License Number: 1096703 (Sugar Creek Program, 1055 Stoughton Ave, Chaska)

CORRECTION ORDER

Dear Jason Vanderscoff:

On December 9, 10, 11, 12, and 13, 2024 Department of Human Services (DHS) licensor conducted a licensing review at your facilities located at the following:

· Jail Program, 606 E 4th St, Chaska, MN 55318, license number 1096701

· Voyager Program, 500 Marschall Rd, Ste 300, Shakopee, MN 55379, license number 1077852

· Sugar Creek Program, 1045 Stoughton Ave, Chaska, MN 55318, license number 1096700

· Sugar Creek Program, 1055 Stoughton Ave, Chaska, MN 55318, license number 1096703

This review was conducted to determine compliance with state and federal laws and rules governing the provision of substance use disorder statutes under Minnesota Statutes, chapter 245G. As a result, DHS is issuing this order which requires you to take the correction action as described under each violation. Details of our findings are provided below. Our next steps and your options are also detailed.

LICENSING VIOLATIONS

DHS determined that your program failed to follow licensing rules and statutes, as described below.

Client Files

Client files reviewed are identified in the following manner:

· License Number 1096701: Client files numbered 1 through 3

· License Number 1077852: Client files numbered 4 through 6

· License Number 1096700: Client file numbered 10

· License Number 1096703: Client files numbered 7 through 9 and 11

1. Violation: Six of eleven client files reviewed for requirements governing client orientation did not meet requirements. There was no documentation of the following orientation:

a. On the day of service initiation (client files 1 and 4 through 6):

1. Written statement of client rights and responsibilities and that staff reviewed the written statement with the client; and

2. Grievance procedure;

b. Within 24 hours of admission:

1. The internal and external maltreatment of vulnerable adults reporting procedures (client files numbered 1 and 4 through 6); and

2. For an individual assessed for opioid use disorder, educational information according to Minnesota Statutes, section 245G.05, subdivision 3, paragraph (b) (client files numbered 5, 9, and 10);

c. Within 72 hours of admission on HIV minimum standards (client files numbered 4 through 6); and

d. The personal electronic device policy (client files numbered 1 and 4 through 6).
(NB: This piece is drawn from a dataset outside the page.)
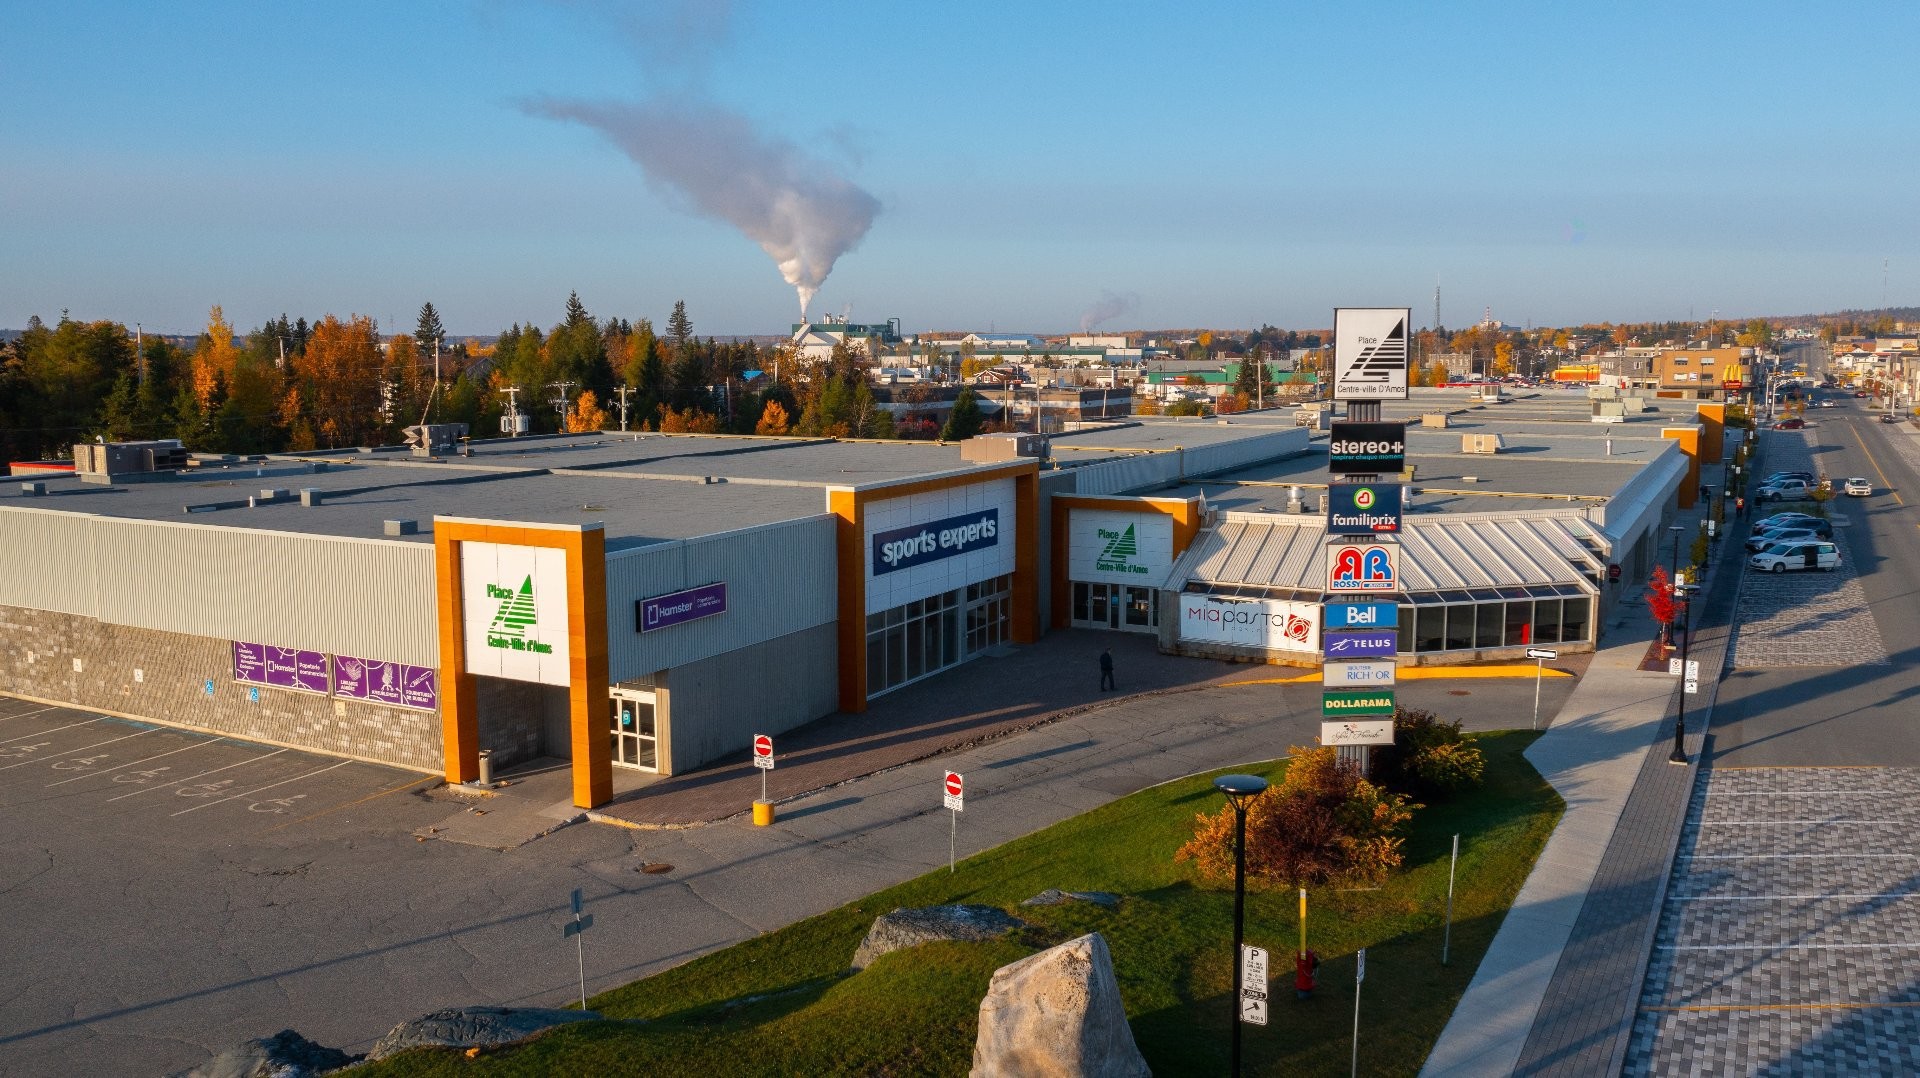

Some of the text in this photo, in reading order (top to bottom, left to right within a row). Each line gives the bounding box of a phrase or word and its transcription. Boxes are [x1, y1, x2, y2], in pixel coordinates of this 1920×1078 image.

Statute Violated: Minnesota Statutes, sections 245A.19, 245A.65, subdivision 1, paragraph (c), 245G.09, subdivision 3, and 245G.15.

Corrective Action Required: Immediately and on an ongoing basis, the license holder must ensure that client orientation meets all applicable requirements.

2. Violation: One of eleven client files reviewed for requirements governing tuberculosis education (client file numbered 4) did not meet requirements. There was no documentation that the client was given information on tuberculosis education on a form approved by the commissioner.

Statute Violated: Minnesota Statutes, section 245G.09, subdivision 3.

Corrective Action Required: Immediately and on an ongoing basis, the license holder must ensure that tuberculosis education meets requirements.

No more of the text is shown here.